Andrea Jubé
De Brasília
Valor 08 Janeiro 2021
O ex-ministro-chefe do Gabinete de Segurança Institucional (GSI) Sergio Etchegoyen, general de Exército da reserva, afirmou ao Valor que a invasão ao Capitólio americano por apoiadores do presidente Donald Trump deixa uma grande lição que o mundo democrático e os agentes políticos, no Brasil e em outros países, não podem ignorar.
No entanto, Etchegoyen não vê a democracia brasileira exposta a risco semelhante. Para o general de quatro estrelas, que foi chefe do Estado-Maior do Exército, os simpatizantes de perfil extremista do presidente Jair Bolsonaro que atentaram abertamente contra o Congresso e o Supremo Tribunal Federal (STF) no ano passado representam uma minoria barulhenta, mas sem poder de fogo.

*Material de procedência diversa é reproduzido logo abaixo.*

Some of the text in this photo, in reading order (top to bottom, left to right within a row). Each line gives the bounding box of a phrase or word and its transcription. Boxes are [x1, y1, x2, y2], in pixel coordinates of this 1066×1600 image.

“Dizer agora que a invasão do Capitólio é uma prévia do que pode acontecer aqui é antecipar o reforço a uma narrativa que hoje se opõe incondicionalmente ao governo Bolsonaro, é torcer pra isso acontecer, é trabalhar contra o país”, rechaçou.

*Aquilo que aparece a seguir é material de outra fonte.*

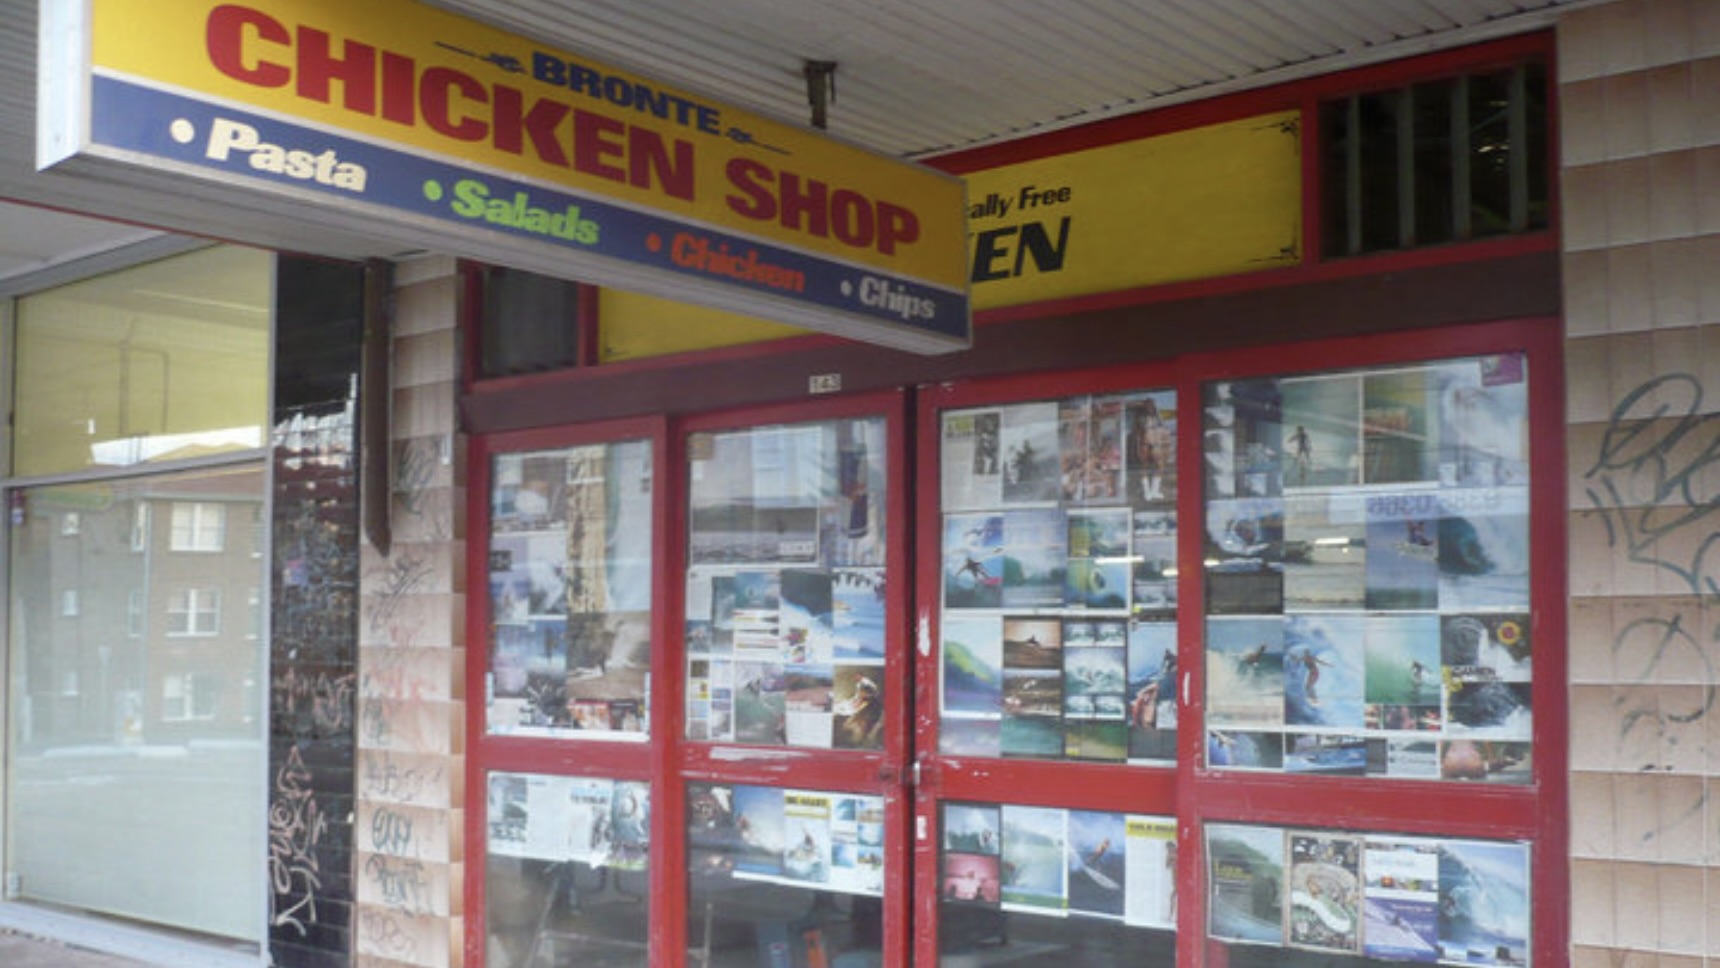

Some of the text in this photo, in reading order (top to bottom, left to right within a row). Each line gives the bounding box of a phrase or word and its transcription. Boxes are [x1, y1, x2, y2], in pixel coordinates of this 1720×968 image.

[532, 51, 721, 136] BRONTE
[205, 116, 368, 192] Pasta
[206, 4, 921, 256] CHICKEN SHOP
[452, 179, 599, 245] Salads
[968, 185, 1071, 219] ally Free
[671, 232, 805, 293] Chicken
[968, 216, 1071, 284] EN
[858, 275, 936, 319] Chips
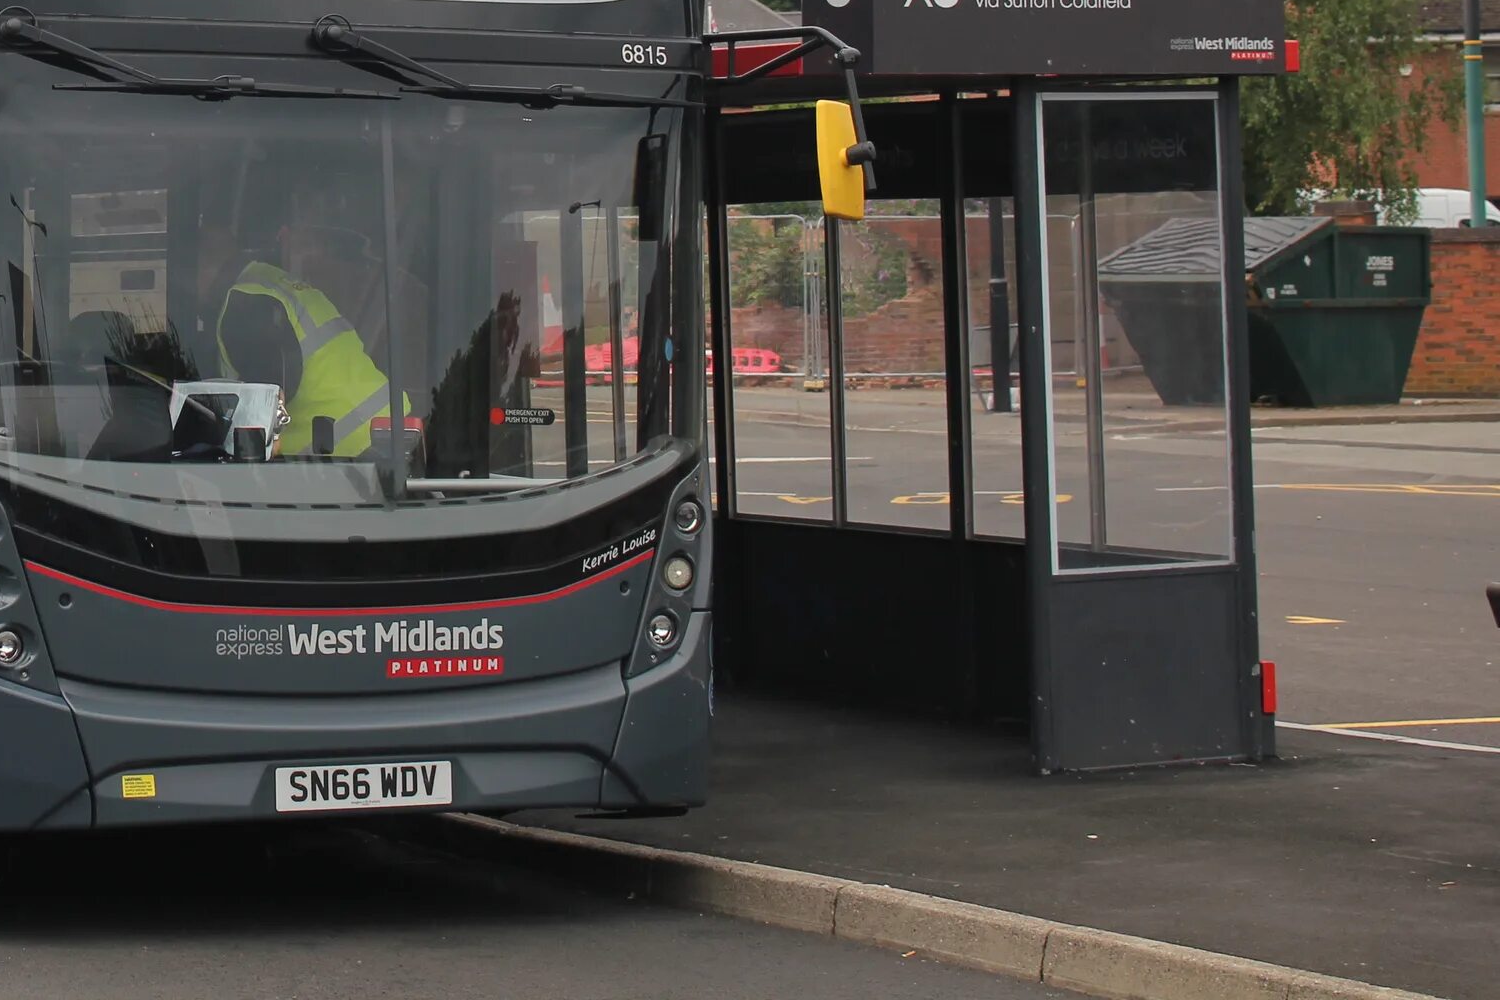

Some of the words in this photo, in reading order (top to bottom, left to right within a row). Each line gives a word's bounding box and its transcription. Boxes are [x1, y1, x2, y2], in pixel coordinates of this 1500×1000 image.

[1194, 37, 1223, 50] West
[1225, 36, 1274, 50] Midlands
[621, 44, 668, 65] 6815
[1366, 256, 1393, 266] JONES
[582, 545, 618, 572] Kerrie
[622, 529, 656, 554] Louise
[216, 624, 283, 641] national
[288, 623, 366, 655] West
[374, 618, 503, 653] Midlands
[216, 641, 283, 659] express
[391, 658, 499, 674] PLATINUM
[290, 768, 371, 802] SN66
[380, 765, 437, 799] WDV

Ex-ministro na gestão do presidente Michel Temer, ele não vê risco de episódio semelhante ocorrer no Brasil, apesar do comportamento radical de um segmento de apoiadores de Bolsonaro.

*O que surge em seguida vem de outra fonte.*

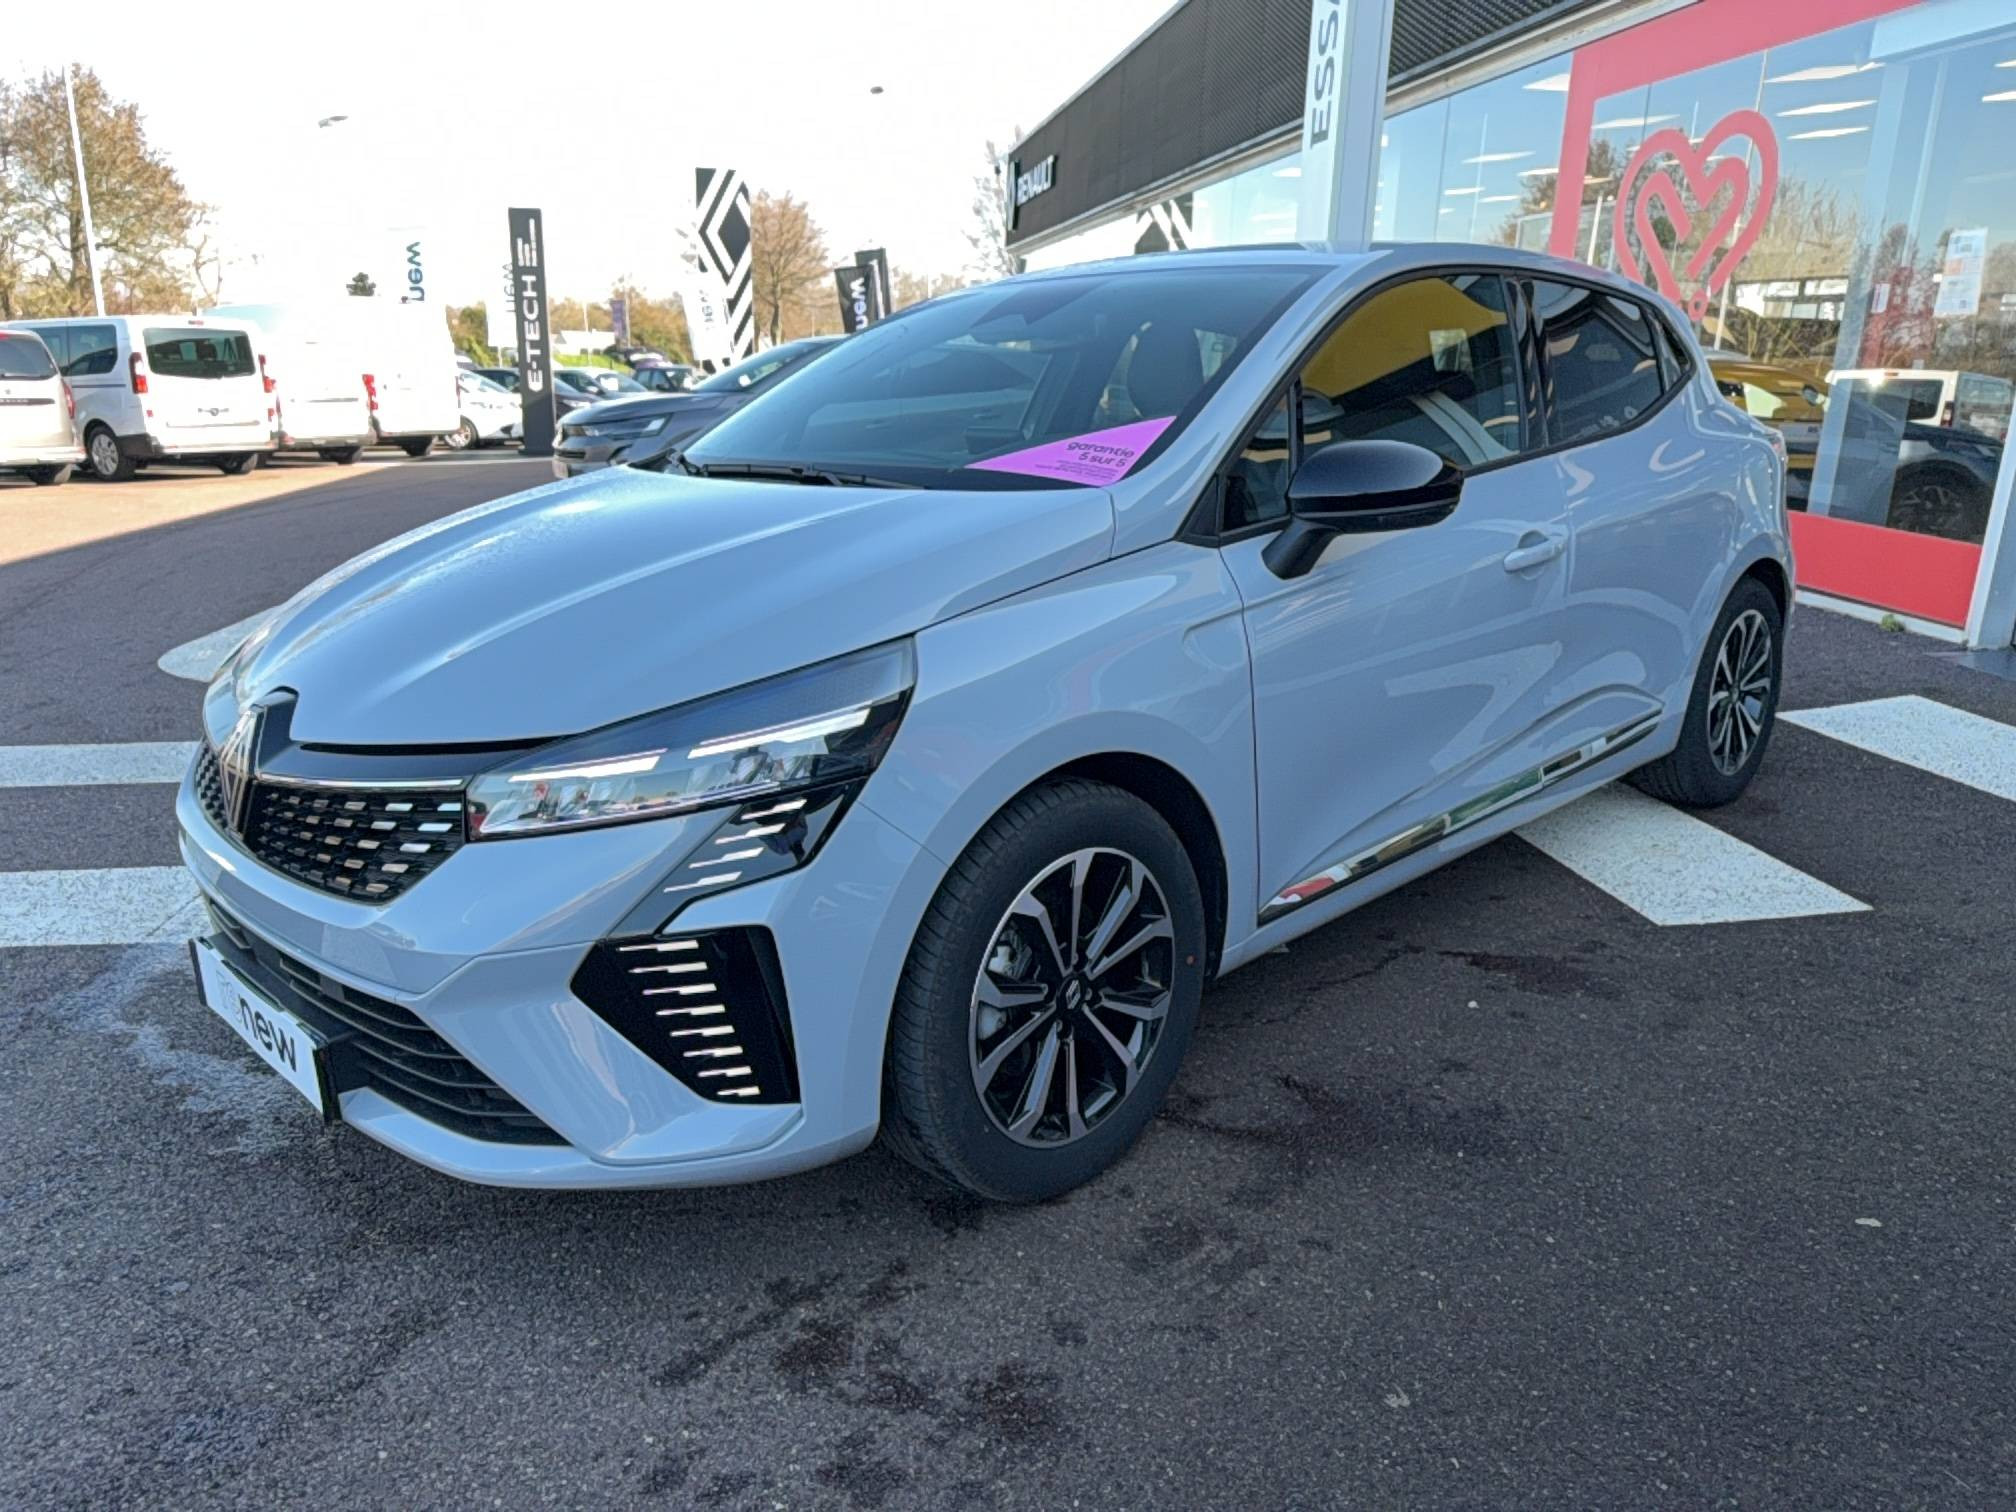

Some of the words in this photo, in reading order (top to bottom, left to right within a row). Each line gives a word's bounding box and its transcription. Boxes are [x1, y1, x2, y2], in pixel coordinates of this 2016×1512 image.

[1310, 0, 1340, 149] ESS
[1017, 155, 1055, 206] RENAULT
[521, 275, 543, 392] E-TECH
[1066, 442, 1135, 458] garantie
[1079, 452, 1090, 461] 5
[1090, 455, 1116, 465] sur
[1115, 459, 1127, 468] 5

O general usa uma metáfora — “o Brasil já enfrentou até covid-48” — para explicar por que a democracia brasileira tem histórico de resistência. Ele cita dois impeachments presidenciais, sucessivas crises econômicas internacionais, boicotes, crise do petróleo, e ressalta que em nenhum desses episódios recentes houve interferência dos militares.
“Nunca os militares se manifestaram para corrigir para lá ou para cá”.
Nesse contexto, ele cita uma ação recente de alguns ministros do Supremo Tribunal Federal como exemplo mais eloquente de ameaça à Constituição Federal, se comparada a atos ou declarações do presidente Bolsonaro.
“Qual a atitude efetiva do Bolsonaro, em termos de desapreço à Constituição Federal, comparável a de alguns ministros do STF que não se constrangeram em agredir a gramática para dar sustenção à esdrúxula tese de apoio à reeleição, na mesma legislatura, dos presidentes das duas Casas do Congresso?”
Hoje atuando na iniciativa privada, como presidente do Instituto Brasileiro de Autorregulamentação no Setor de Infraestrutura (Ibric), o general afirma que com o episódio da última quarta-feira, Trump entrou para a galeria dos infames.
“Os americanos estão pagando o preço de um presidente que deu seguidas mostras de desequilíbrio ao longo do seu mandato, mas, também, de um sistema eleitoral frágil que nunca quiseram arrumar, e foi oportunamente explorado por um “grande manipulador”, disse.
O general testemunhou de perto a posse conturbada do presidente americano George W. Bush em2001, quando se estabeleceu em Washington para chefiar a Comissão do Exército naquele país, onde morou por três anos. A eleição de 2000 foi outro episódio de contestação ao sistema eleitoral americano, em que os democratas pediram a recontagem dos votos na Flórida, sob suspeita de fraude.
Para Etchegoyen, a estratégia executada por Trump de manipulação de seus apoiadores pelas redes sociais culminou no atentado ao Congresso americano, um feito que nos obriga a refletir sobre “por que isso ocorreu, e o que fizeram com as mídias sociais”.
“Não se pode ser contra as mídias sociais, mas é essencial opor-se e denunciar o mau uso delas. Como todos os espaços no mundo, os espaços na internet foram também capturados pelo crime, pelo mau caratismo, pela má fé”, observa. A democracia brasileira, entretanto, ao seu ver, está blindada.
“A gente despreza a força da nossa democracia: a cada tosse, achamos que ela não vai aguentar”.